HVAC systems are designed to operate under a heat load produced by people, computers, lights and other activities, according to the American Industrial Hygiene Association. Altered occupancy patterns, such as school being out for the summer and people working from home, reduces a building’s heat load, which can affect an HVAC system’s ability to control relative humidity levels, creating conditions for possible mold and moisture damage to occur.

Before the COVID-19 pandemic, experts were working hard to understand the effects of poor indoor air quality and educate the public about those risks and costs, according to a June 26 article in Air Conditioning Heating and Refrigeration News. But since we’ve learned that COVID is transmitted through the air, an even greater importance has been placed on air systems in buildings, because people’s health is at stake. A poorly maintained HVAC system, in and of itself, can be a source of indoor pollutants, the article notes. Filters, air ducts, cooling coils and drain pans are all examples of points where a lack of attention can result in unwanted contaminants.

Each year, MIIA sees significant property losses arising from unit ventilators. This is both a frequency and severity issue, which has become a high priority for MIIA Risk Management.

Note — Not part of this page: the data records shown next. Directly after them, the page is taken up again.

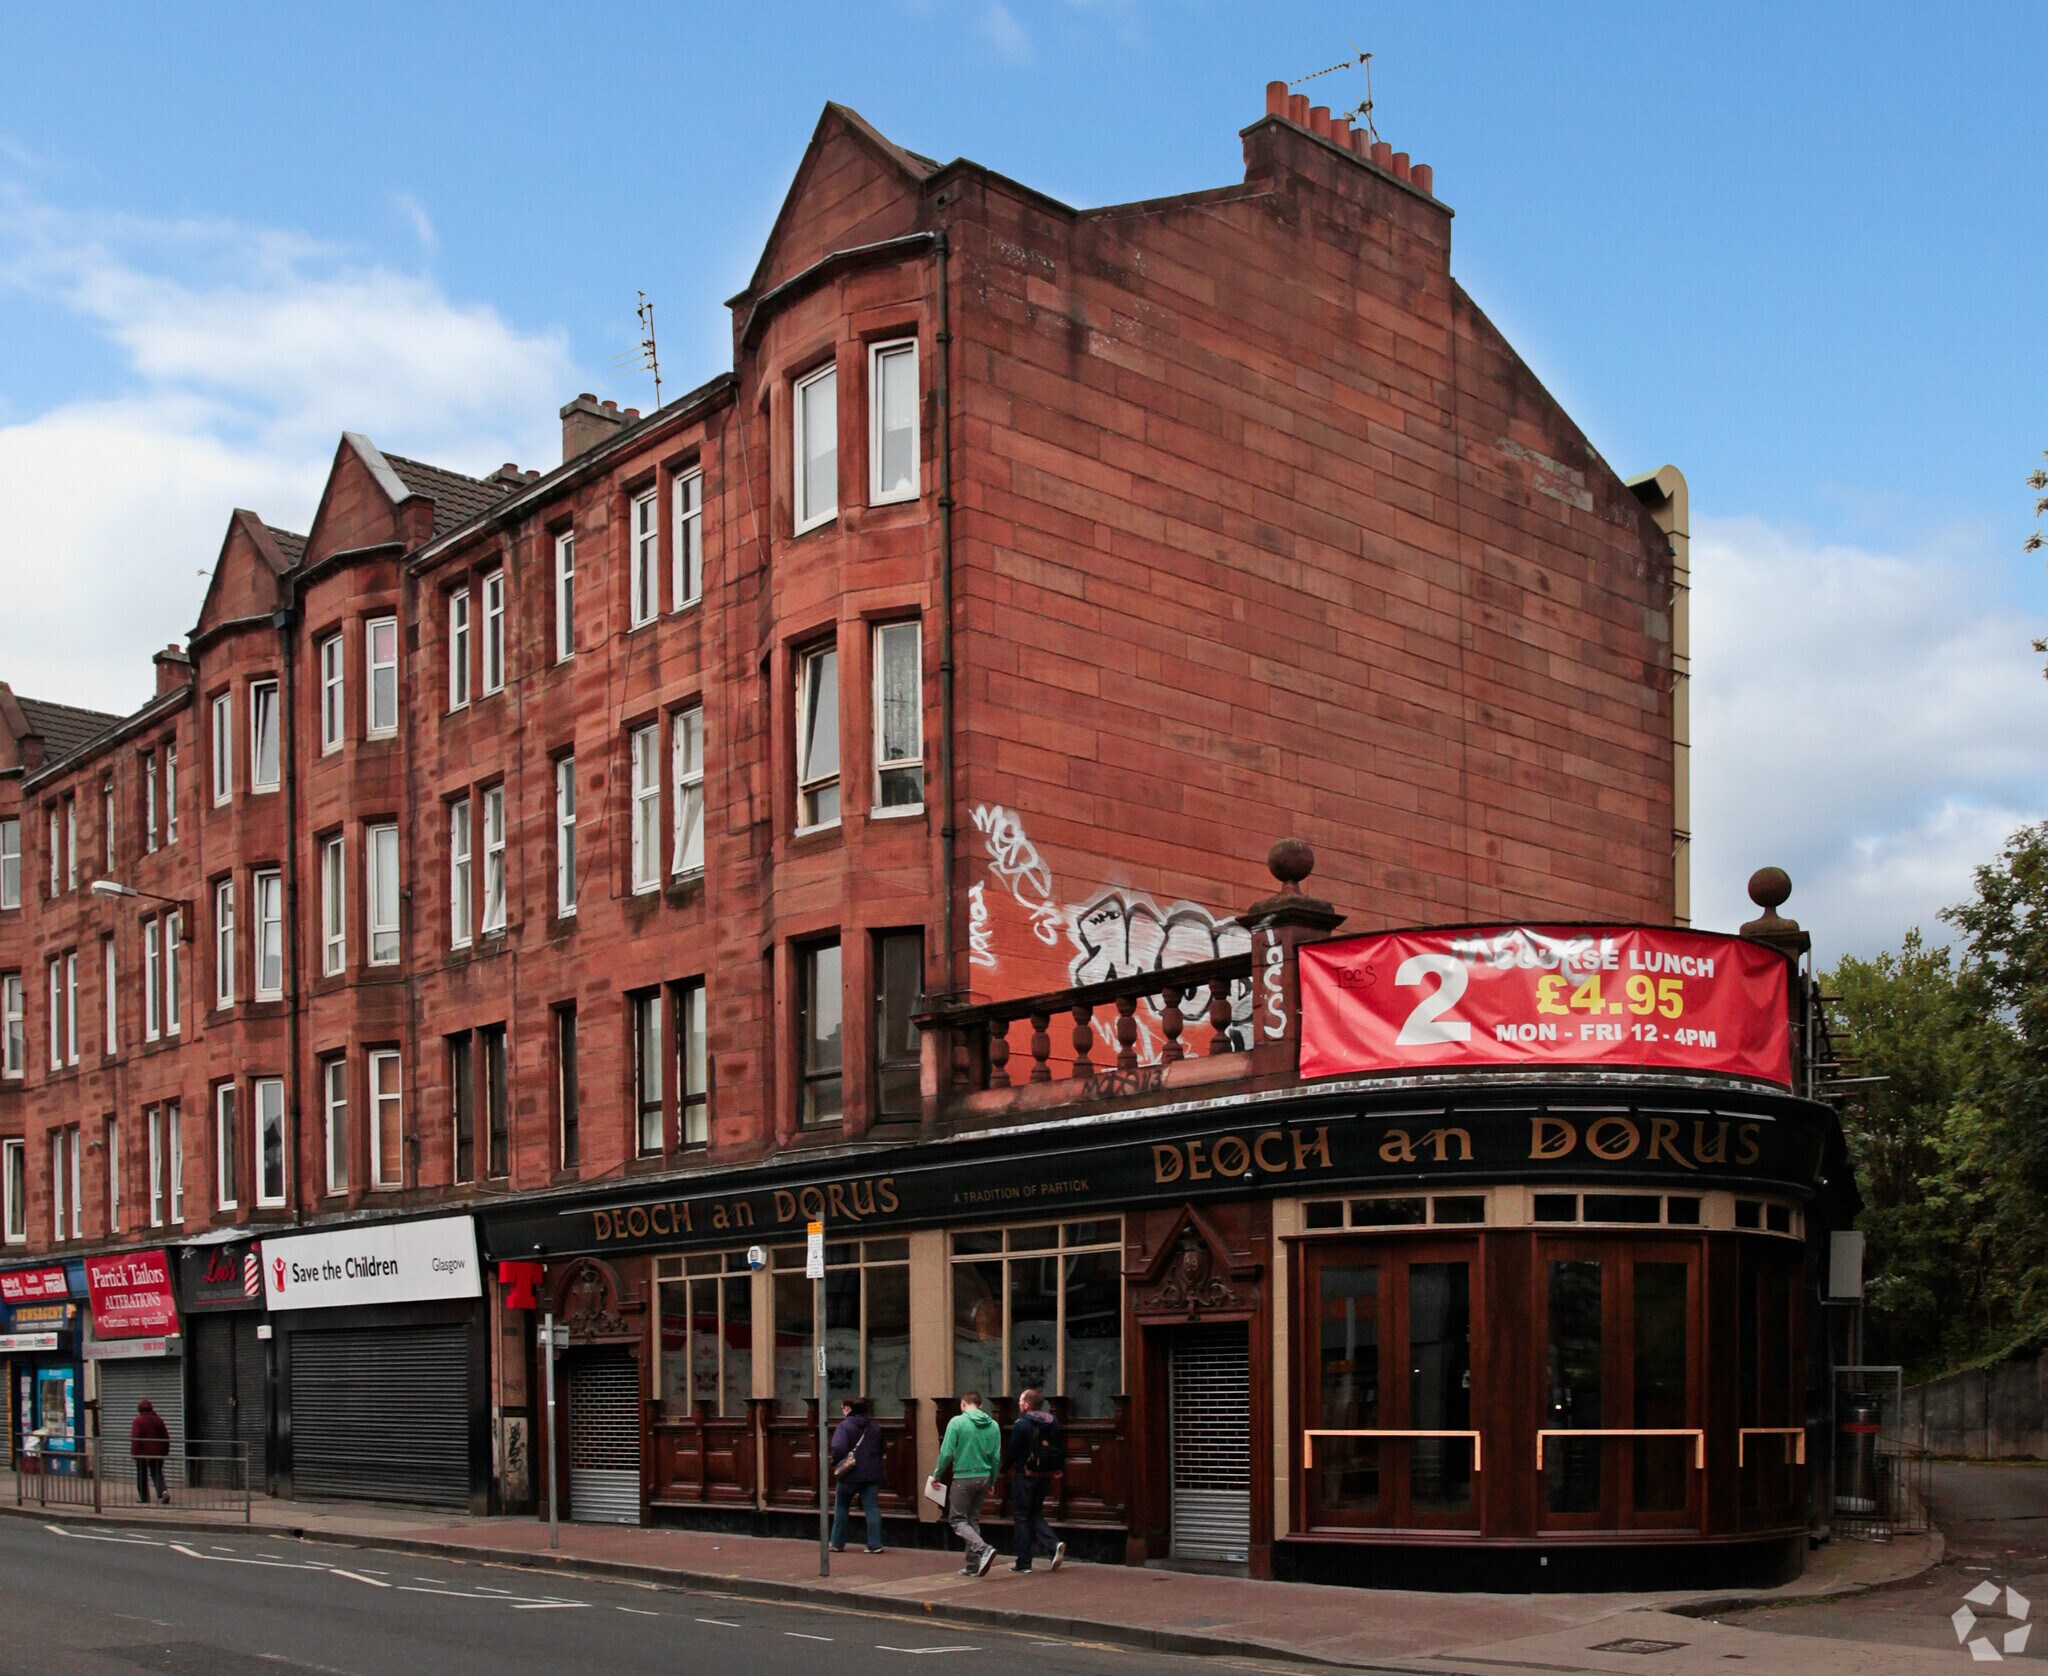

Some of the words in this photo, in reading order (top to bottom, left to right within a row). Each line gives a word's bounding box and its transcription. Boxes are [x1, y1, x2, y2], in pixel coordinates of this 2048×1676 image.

[1395, 954, 1471, 1045] 2
[1629, 949, 1714, 978] LUNCH
[1535, 974, 1684, 1019] £4.95
[1496, 1023, 1557, 1042] MON
[1580, 1024, 1622, 1041] FRI
[1631, 1024, 1659, 1042] 12
[1673, 1028, 1717, 1048] 4PM
[1151, 1126, 1333, 1184] DEOCH
[1378, 1126, 1474, 1164] an
[1527, 1116, 1761, 1171] DORUS
[953, 1193, 961, 1204] A
[963, 1186, 1020, 1203] TRADITION
[1022, 1185, 1038, 1197] OF
[1041, 1179, 1089, 1195] PARTICK
[593, 1201, 693, 1241] DEOCH
[712, 1201, 755, 1229] an
[773, 1177, 900, 1223] DORUS
[91, 1265, 129, 1289] Partick
[128, 1262, 165, 1286] Tailors
[292, 1262, 320, 1283] Save
[322, 1259, 342, 1280] the
[345, 1255, 399, 1279] Children
[431, 1257, 466, 1275] Glasgow
[105, 1291, 161, 1310] ALTERATIONS

EFI Global, on behalf of MIIA and its members, advised on the care and maintenance of unit ventilators. Univents are common in municipal buildings due to their ability to balance temperatures in multiple spaces. When designed, installed and maintained properly, they are effective and reliable. As building heating and cooling systems are inspected and maintained, it is imperative that all univents are included in the scope of work. Problems with univents freezing, seizing and failing can often be identified before a failure occurs.

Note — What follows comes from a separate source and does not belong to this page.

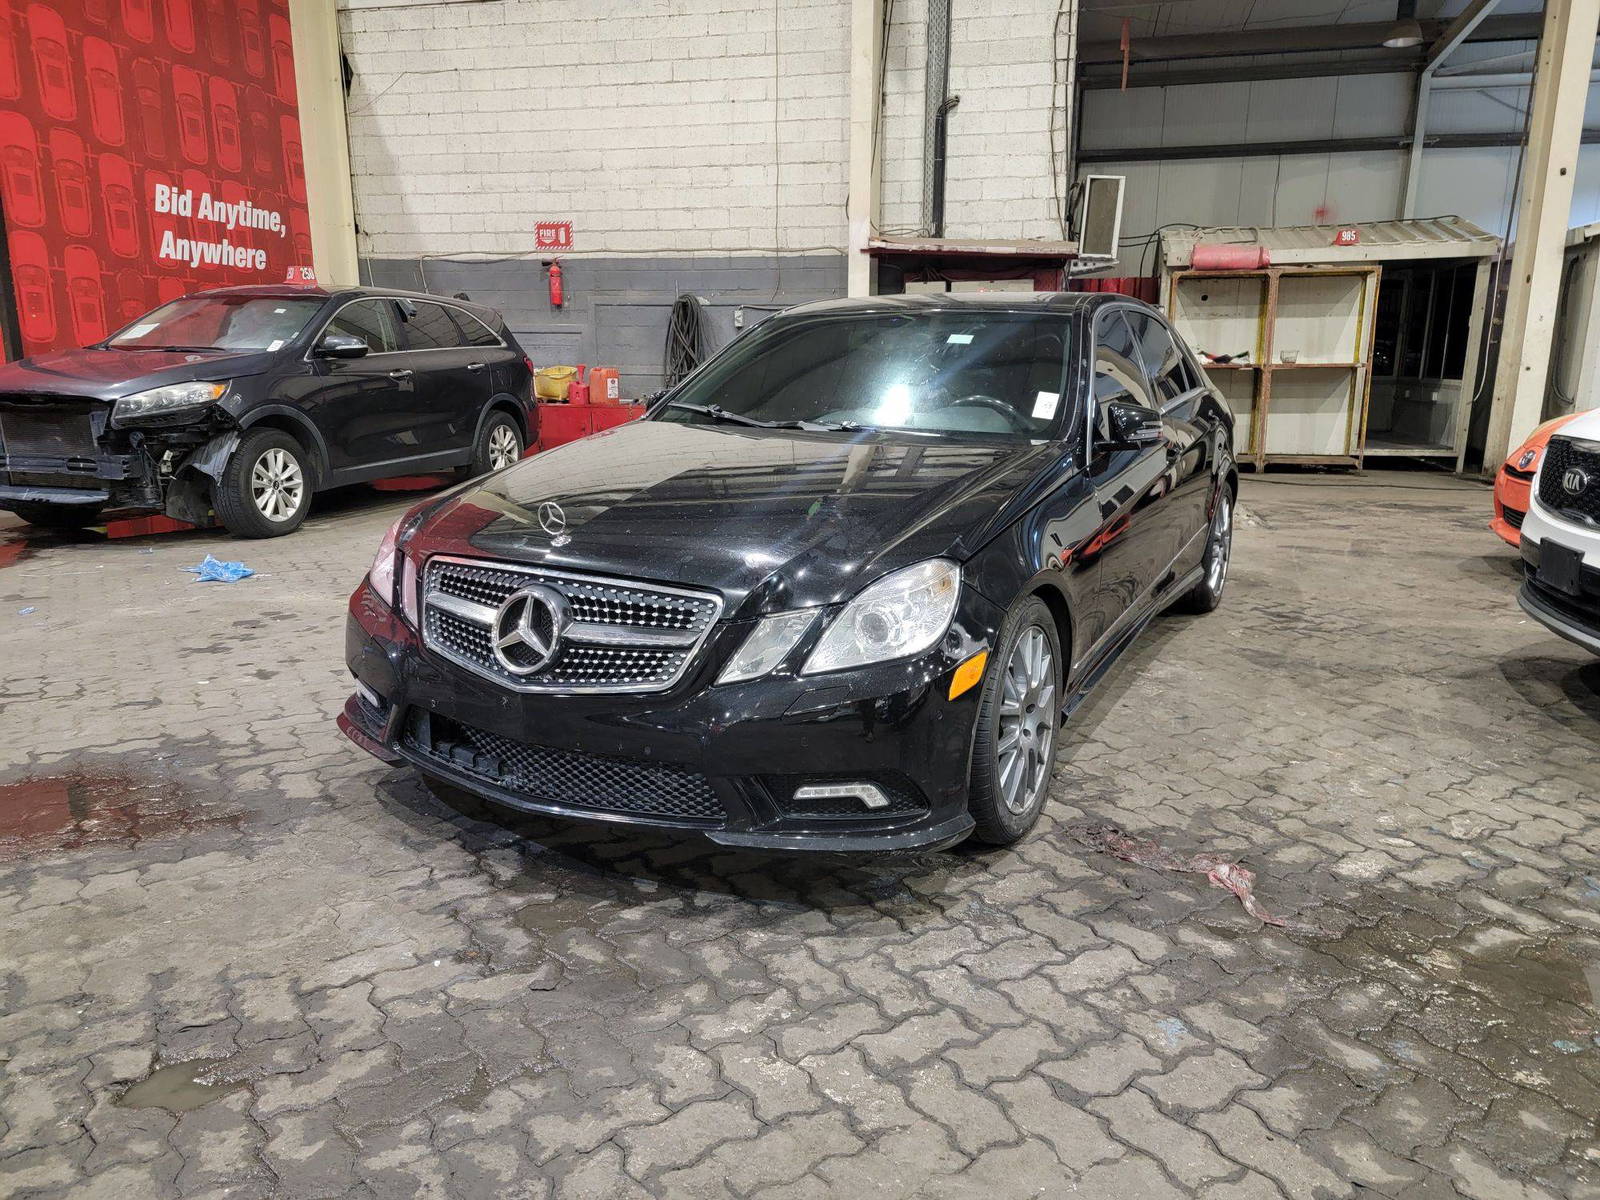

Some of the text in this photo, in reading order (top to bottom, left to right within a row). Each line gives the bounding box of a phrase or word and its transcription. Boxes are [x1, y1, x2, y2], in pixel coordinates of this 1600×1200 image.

[154, 183, 287, 238] Bid Anytime,
[159, 229, 267, 270] Anywhere
[539, 228, 557, 237] FIRE

EFI Global also recommends a simple, prudent and proactive step in identifying potential issues: communicate with the regular occupants of work spaces (e.g., teachers, office staff, librarians, etc.) to ask the following:
• How is the heating/cooling system working for you?
• Do you hear or smell anything abnormal with the system?
• Does the system seem to take an abnormally long time to reach the desired temperature?

Technology can also help to identify problems with HVAC systems. For example, EFI Global suggests the use of infrared cameras (thermography) as an easy and efficient way to determine when HVAC and plumbing systems are not functioning properly, when hot or cold air or water is not being delivered as intended, or when cold air is being pulled into a building. These tools can be a major asset in understanding HVAC and plumbing systems and preventing premature failures.

Best practices checklist
MIIA offers the following best practices checklist to maintain univents:
• Listen for noise coming from the unit, which could be an indication of a bearing problem
• Check filters
• Inspect intake box for debris
• Ask the regular occupants of rooms with unit ventilators if the heating/cooling units work for them, if they hear or smell anything unusual, and if the system takes a long time to reach its intended temperature
• In winter months, inspect units with a thermography camera for cold air intrusion (See MIIA Grants for thermography camera grant)

Semi-Annually (pre-winter and pre-summer)
• Inspect interior for debris and clean as necessary
• Check damper linkages to ensure proper alignment
• Check to see if outside dampers close and seal properly
• Inspect belts for cracks or fraying
• Lubricate motors and fan shafts per manufacturer’s specifications
• Inspect traps and control components

Properly maintaining — and, when necessary, upgrading HVAC systems — should be part of regular maintenance and capital budgets and protocols. Doing so will save money in potential downtime and loss related to improper care. It will also guard against increased insurance costs due to claims and, most importantly, provide safe and healthy spaces for students and staff.